Dominik Barta, der in 2020 mit seinem Roman Vom Land debütierte und auch für das Theater schreibt, nutzt das Mietshaus als Metapher für eben diese Vielfalt. Seine dramaturgische Erfahrung kommt ihm hierbei sicher zugute, denn die Wohnungen, Zimmer, der Flur, das Treppenhaus fungieren teilweise wie Szenen und Bühnenbilder, manche Erklärungen und Ausführungen einzelner Romanfiguren wirken wie Theatertexte, ein wenig artifiziell, nicht unbedingt organisch ins Romangeschehen eingepasst. Und während Regina sich schnell und auf eindrucksvolle Weise in die Mieter- und Nachbarschaftsgruppe einführt, erkennt Kurt, wie sehr er sich in seinen Schüler Ferhat verliebt hat (Kurt arbeitet als Berufsschullehrer).

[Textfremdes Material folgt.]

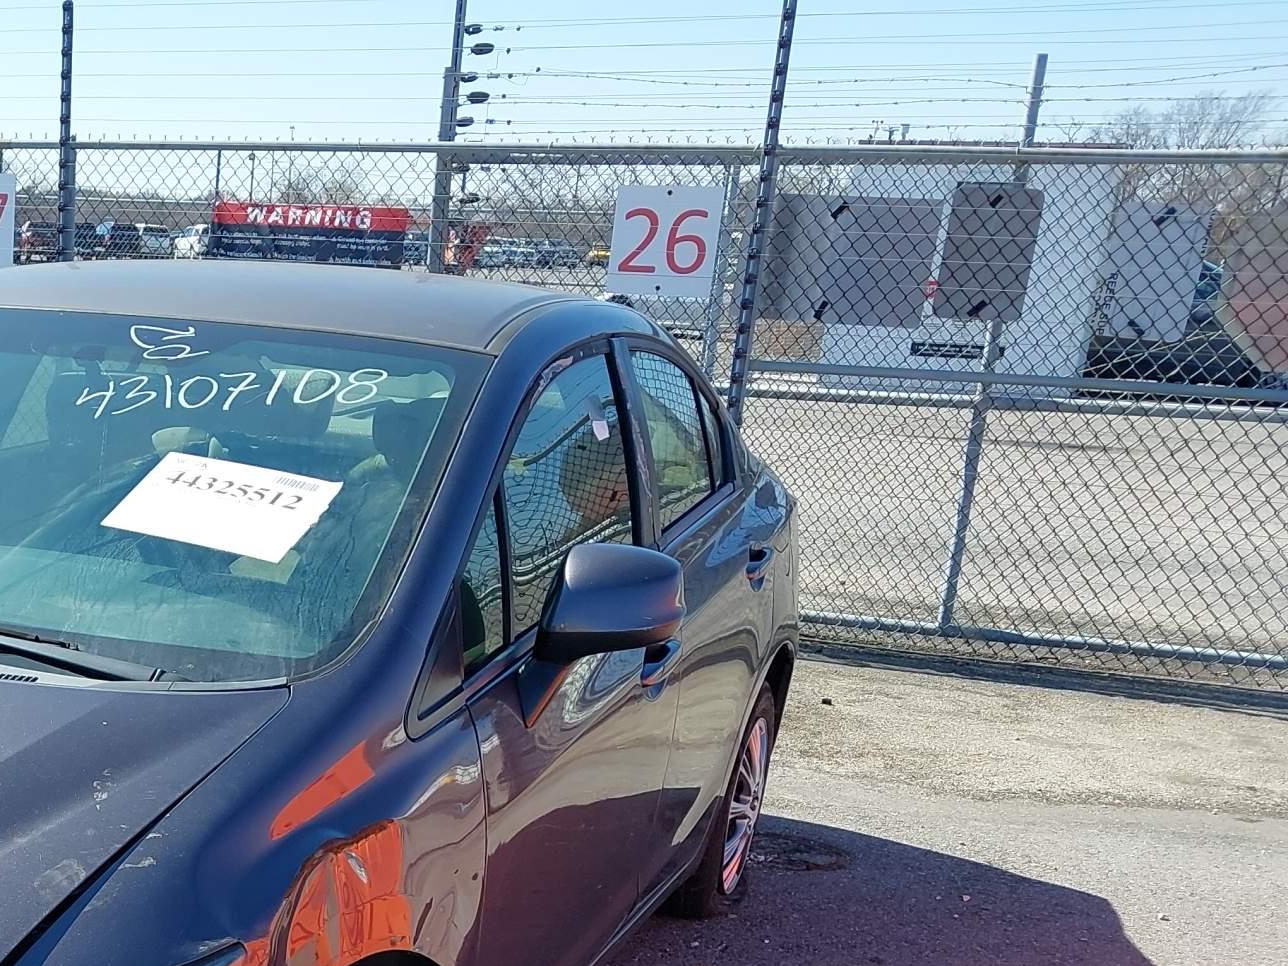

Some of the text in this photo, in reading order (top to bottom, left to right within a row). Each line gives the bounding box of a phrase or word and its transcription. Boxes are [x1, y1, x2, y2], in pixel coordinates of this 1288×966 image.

[247, 206, 372, 229] WARNING
[618, 208, 709, 275] 26
[76, 369, 388, 420] 43107108
[166, 470, 303, 510] 44325512

Ferhats Fernbleiben vom Unterricht führt schließlich dazu, dass Kurt förmlich nach ihm sucht, ihn findet und mit einer etwas aufgesetzt wirkenden Recherche zu Frederiks Frau Yasmina, die sich mehr und mehr politisch engagiert und ihr bisheriges Leben (auch das mit Frederik) in Frage stellt, beauftragt.

So bringt der junge Autor immer weitere Protagonisten zusammen und führt seinen Roman beinahe unter der Hand in gänzlich andere Gefilde, als dies zu Beginn der Lektüre scheinen mochte. Denn Ferhat ist Teil einer Gruppe von Aktivisten, die mitunter völlig unbemerkt unauffällige Leben leben.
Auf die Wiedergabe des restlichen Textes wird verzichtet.